Robert Yi
Robert Yi

Reputation: 2313

Get environment variable from kubernetes pod?

What's the best way to list out the environment variables in a kubernetes pod?

(Similar to this, but for Kube, not Docker.)

Upvotes: 64

Views: 130523

Answers (9)

trckster
trckster

Reputation: 610

Every time I need to do this I come across this answer and every time I can't find what I need so I just leave this for you and future me:

kubectl get secrets -o json | jq '.items[] | {name: .metadata.name,data: .data|map_values(@base64d)}' | grep <what-are-you-lookng-for> -C 5

Upvotes: 0

Gerhard Powell
Gerhard Powell

Reputation: 6185

I have two ways that I get the configurations:

  • List all the pods with their environment variables. It also resolves the secret or configmap references

    kubectl set env pods --all --list --resolve
    
  • List all the pods in a table with its enviroment variables and arguments

    kubectl get pods -n qa -o custom-columns=NAME:.metadata.name,command:.spec.containers[*].command,ENV:.spec.containers[*].env,ARGS:.spec.containers[*].args`
    

Upvotes: 1

Nick G
Nick G

Reputation: 146

Because Kubernetes deployments or statefulsets usually manage pods, and pods inherit the variables from their manifests, I would use the kubectl describe ... instead of kubectl exec -it ... approach since finding the correct dynamic pod name is not always easy or fast.

For example:

kubectl describe deployment/my-app -n my_namespace | grep MY_VAR_NAME

is more robust and works better for me.

Upvotes: 0

R...
R...

Reputation: 2620

kubectl set env can be used for both setting environment variables and reading them .

You can use kubectl set env [resource] --list option to get them.

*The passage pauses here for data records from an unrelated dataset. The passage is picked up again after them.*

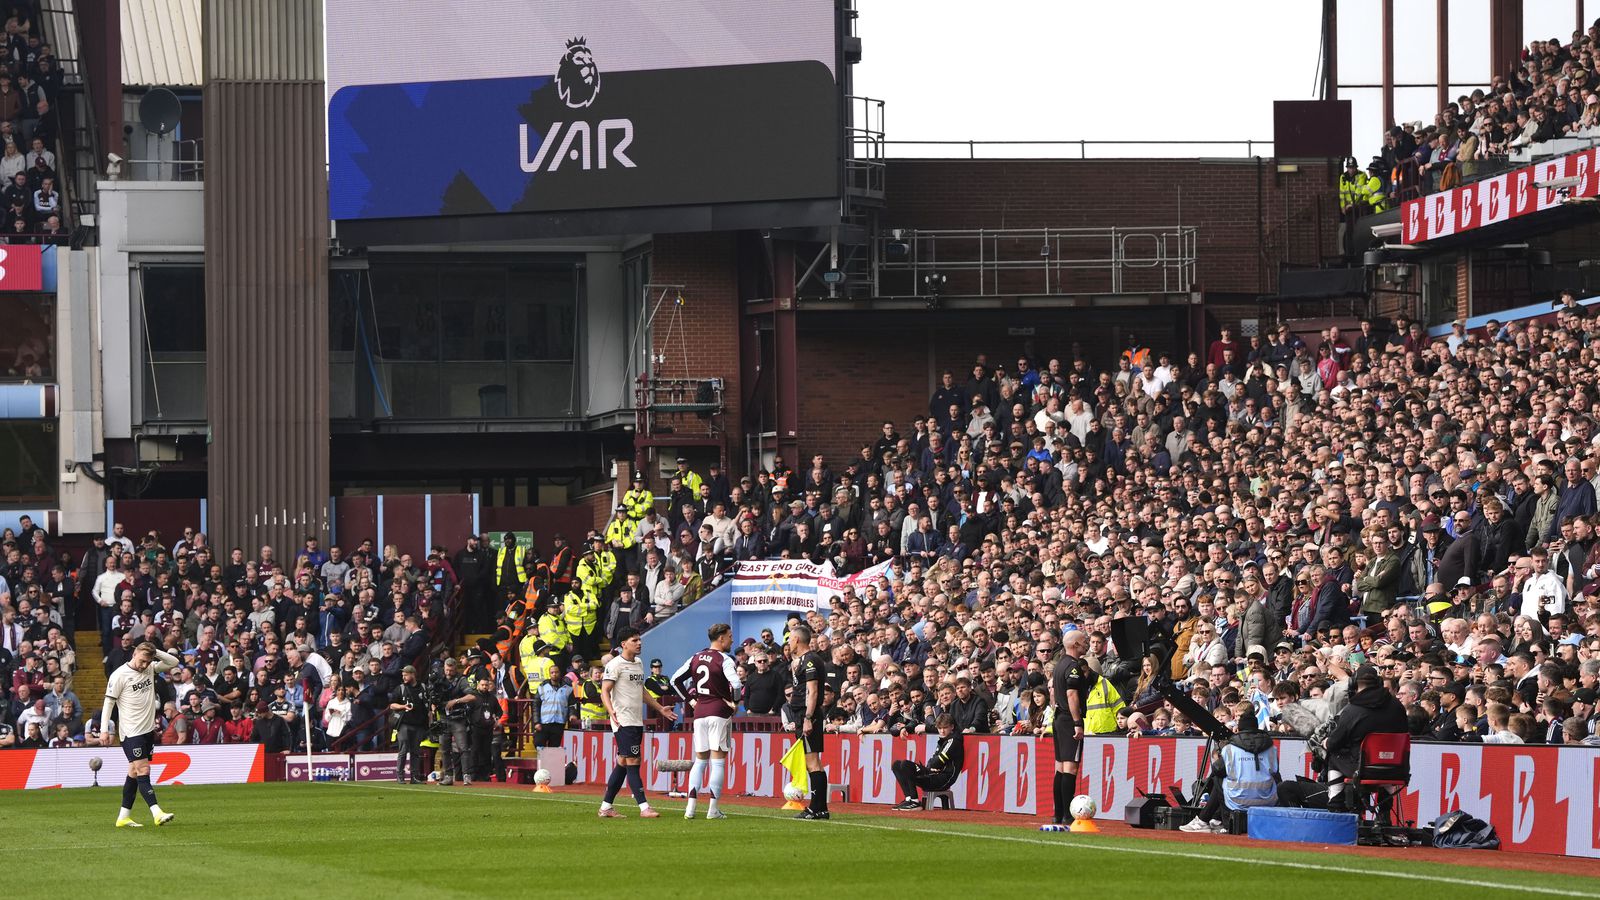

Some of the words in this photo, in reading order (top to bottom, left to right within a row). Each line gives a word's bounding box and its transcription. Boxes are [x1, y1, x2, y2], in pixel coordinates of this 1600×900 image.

[519, 118, 638, 173] VAR
[739, 564, 768, 572] EAST
[771, 563, 792, 571] END
[731, 596, 758, 606] FOREVER
[759, 596, 786, 605] BLOWING
[787, 596, 815, 609] BUBBLES
[696, 665, 710, 695] 2
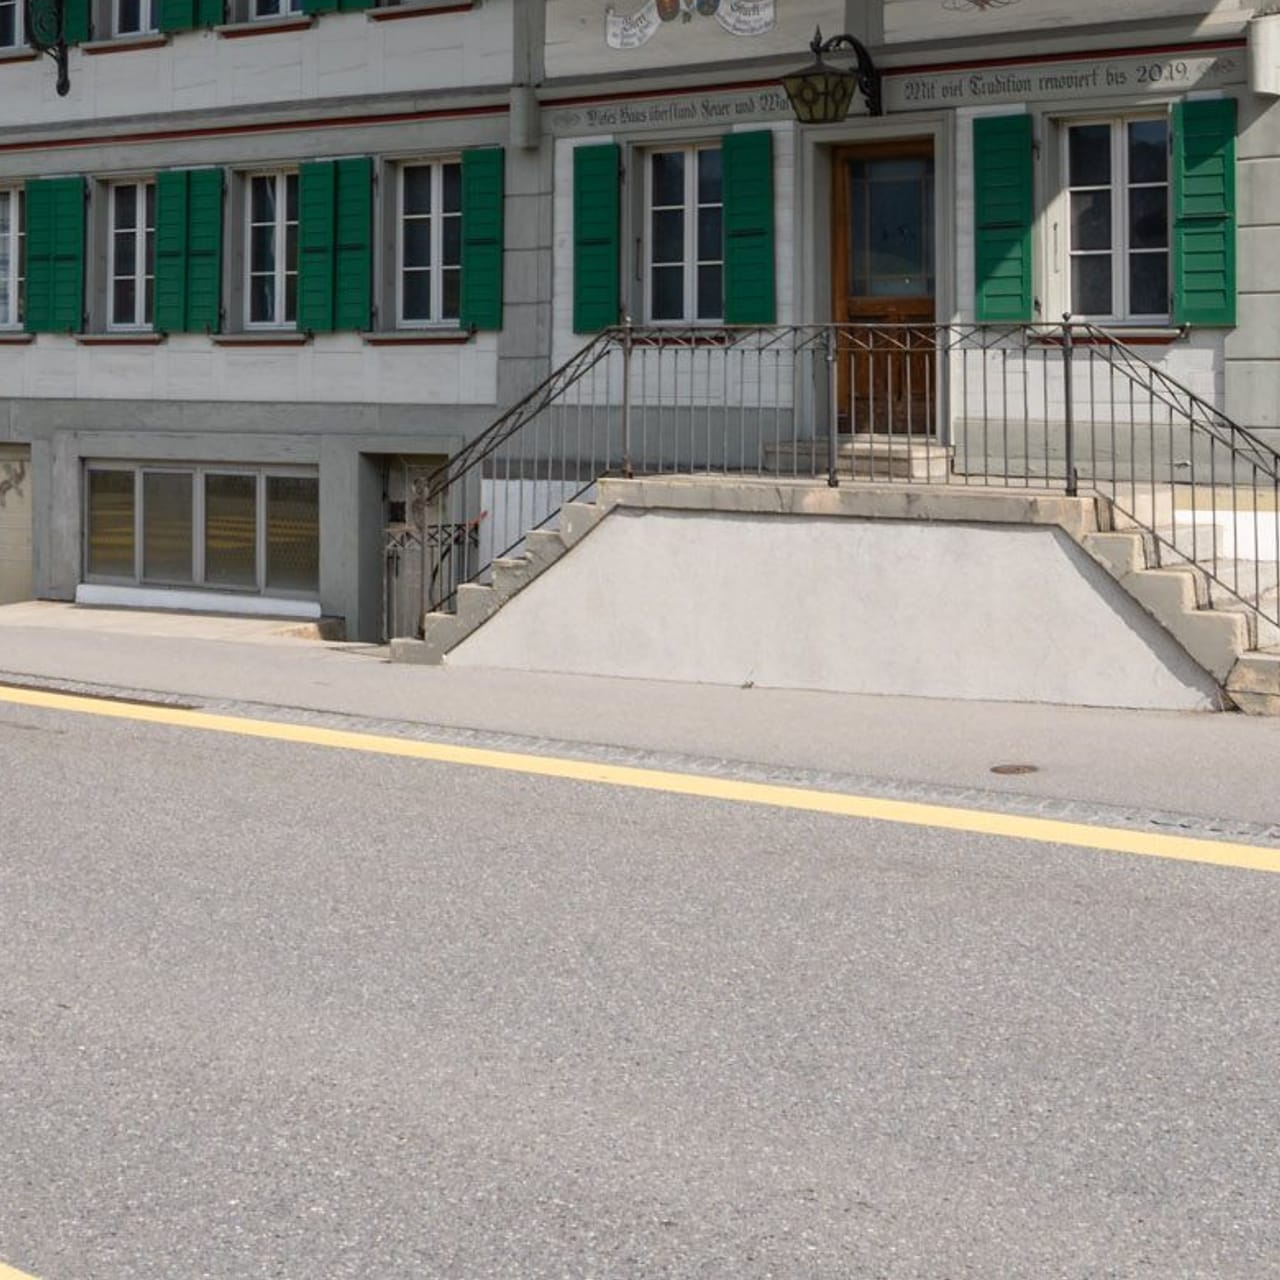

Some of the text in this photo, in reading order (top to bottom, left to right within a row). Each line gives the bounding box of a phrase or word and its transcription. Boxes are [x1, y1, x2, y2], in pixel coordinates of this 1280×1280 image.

[904, 79, 935, 101] Mit
[941, 76, 963, 97] viel
[970, 72, 1032, 97] Tradition
[1038, 69, 1097, 92] renoviert
[1105, 67, 1127, 87] bis
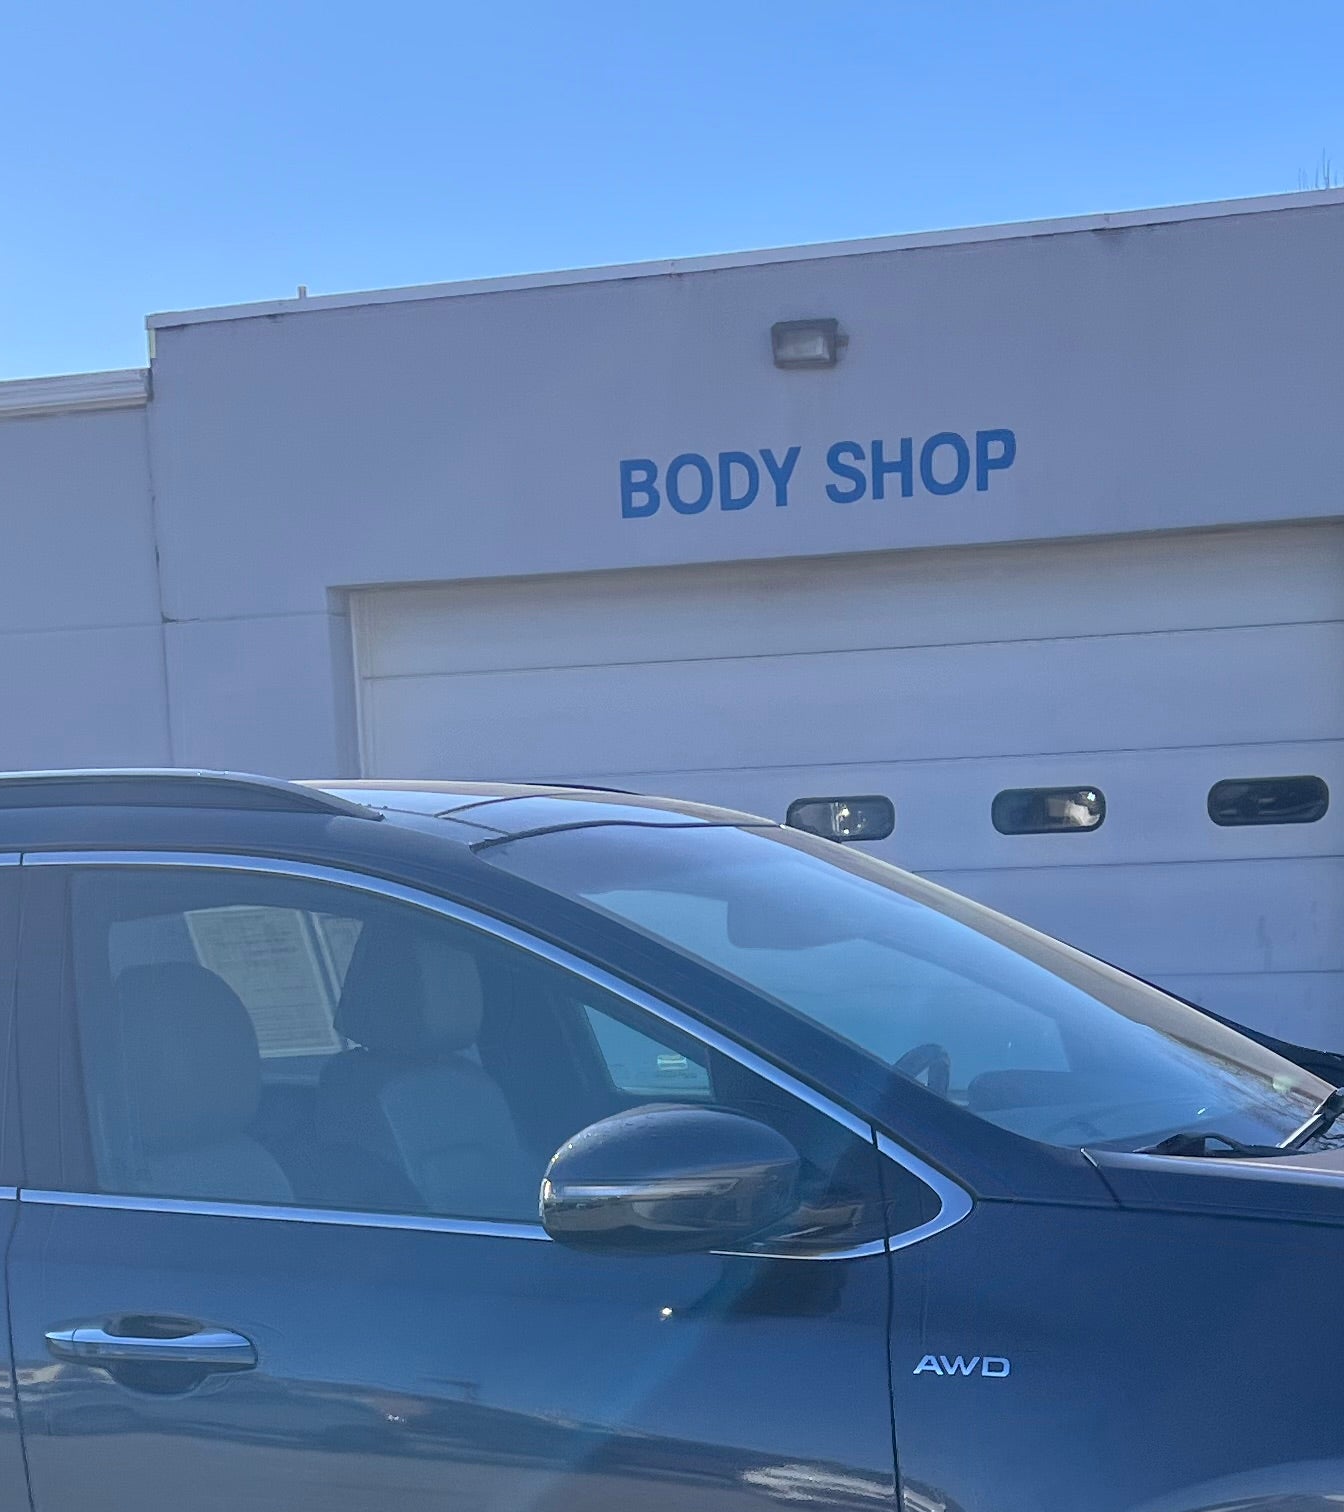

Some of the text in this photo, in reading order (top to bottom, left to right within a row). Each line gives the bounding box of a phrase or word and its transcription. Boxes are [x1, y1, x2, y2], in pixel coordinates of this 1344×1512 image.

For example to list all environment variables for all PODs in the DEFAULT namespace:

kubectl set env pods --all --list

or for an specific POD in a given namespace

kubectl set env pod/<pod-NAME> --list -n <NAMESPACE-NAME>

or for a deployment in DEFAULT namespace

kubectl set env deployment/<deployment-NAME> --list

this is better than running command inside the POD as in some cases the OS command may not exist in very slim containers

For more see : https://kubernetes.io/docs/reference/generated/kubectl/kubectl-commands#set

Upvotes: 17

AndreyKo
AndreyKo

Reputation: 909

kubectl exec <POD_NAME> -- sh -c 'echo $VAR_NAME'

Upvotes: -1

Arslan Ali
Arslan Ali

Reputation: 83

I normally use:

kubectl exec -it <POD_NAME> -- env | grep "<VARIABLE_NAME>"

Upvotes: -1

pyb
pyb

Reputation: 5289

Both answers have the following issues:

  1. They assume you have the permissions to start pod, which is not the case in a locked-down environment
  2. They start a new pod, which is invasive and may give different environment variables than "a[n already running] kubernetes pod"

To inspect a running pod and get its environment variables, one can run:

kubectl describe pod <podname>

This is from Alexey Usharovski's comment.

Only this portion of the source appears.